Roman fashion has a constant and ubiquitous impact on both clothing and hairstyles. Women, children, and even animals are depicted wearing expensive jewelry and exquisite clothing, whereas men are shown wearing specialty attire that is often quite elaborate.

Greek inscriptions of names are reasonably common; occasionally, they also include the individuals’ occupations. It is unclear whether such inscriptions always represent reality or whether they may state ideal conditions or aspirations rather than true conditions. It is possible that such inscriptions could state either of these things.

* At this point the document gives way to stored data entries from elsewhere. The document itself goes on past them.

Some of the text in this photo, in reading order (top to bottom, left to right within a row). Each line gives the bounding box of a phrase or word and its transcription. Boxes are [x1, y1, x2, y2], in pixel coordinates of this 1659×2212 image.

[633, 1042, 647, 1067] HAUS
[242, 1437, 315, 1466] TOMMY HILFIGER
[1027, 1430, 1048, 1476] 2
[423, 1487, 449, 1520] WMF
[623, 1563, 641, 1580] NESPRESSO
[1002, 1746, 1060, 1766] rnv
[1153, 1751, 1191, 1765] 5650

There is only one inscription that is known to indicate the correct profession of the deceased individual, which was a shipowner. In addition, the word grammatike (γραμματική) was found written on the mummy of a woman called Hermione.

It was believed for a long time that this indicated that she worked as a teacher (which is why Flinders Petrie gave the portrait to Girton College, Cambridge, the first residential college for women in Britain); however, it is now believed that the term indicates the level of education that she posses.

Some portraits of males show them wearing sword belts or even pommels, which leads historians to believe that they served in the Roman military.

Man with the sword belt, British Museum.

Fayum mummy portrait of a man, 1st century AD, Oriental Institute, Chicago.

Fayum portrait of a man, mid-2nd century, Myers Collection, Eton College.

Fayum portrait of a woman, 4th century, Museo archeologico nazionale, Florence.

Fayum portrait of a woman, 2nd century, Manchester Museum, University of Manchester.

Fayum mummy portrait of a man named Herakleides, 50–100 AD, Getty Villa.

Portrait of a woman named Isidora from Ankyronpolis, 100–110 AD, Getty Villa.

Fayum portrait of a woman from Hawara, 75–100 AD, Getty Villa.

(Photo credit: Wikimedia Commons / Wiki Art / Library of Congress).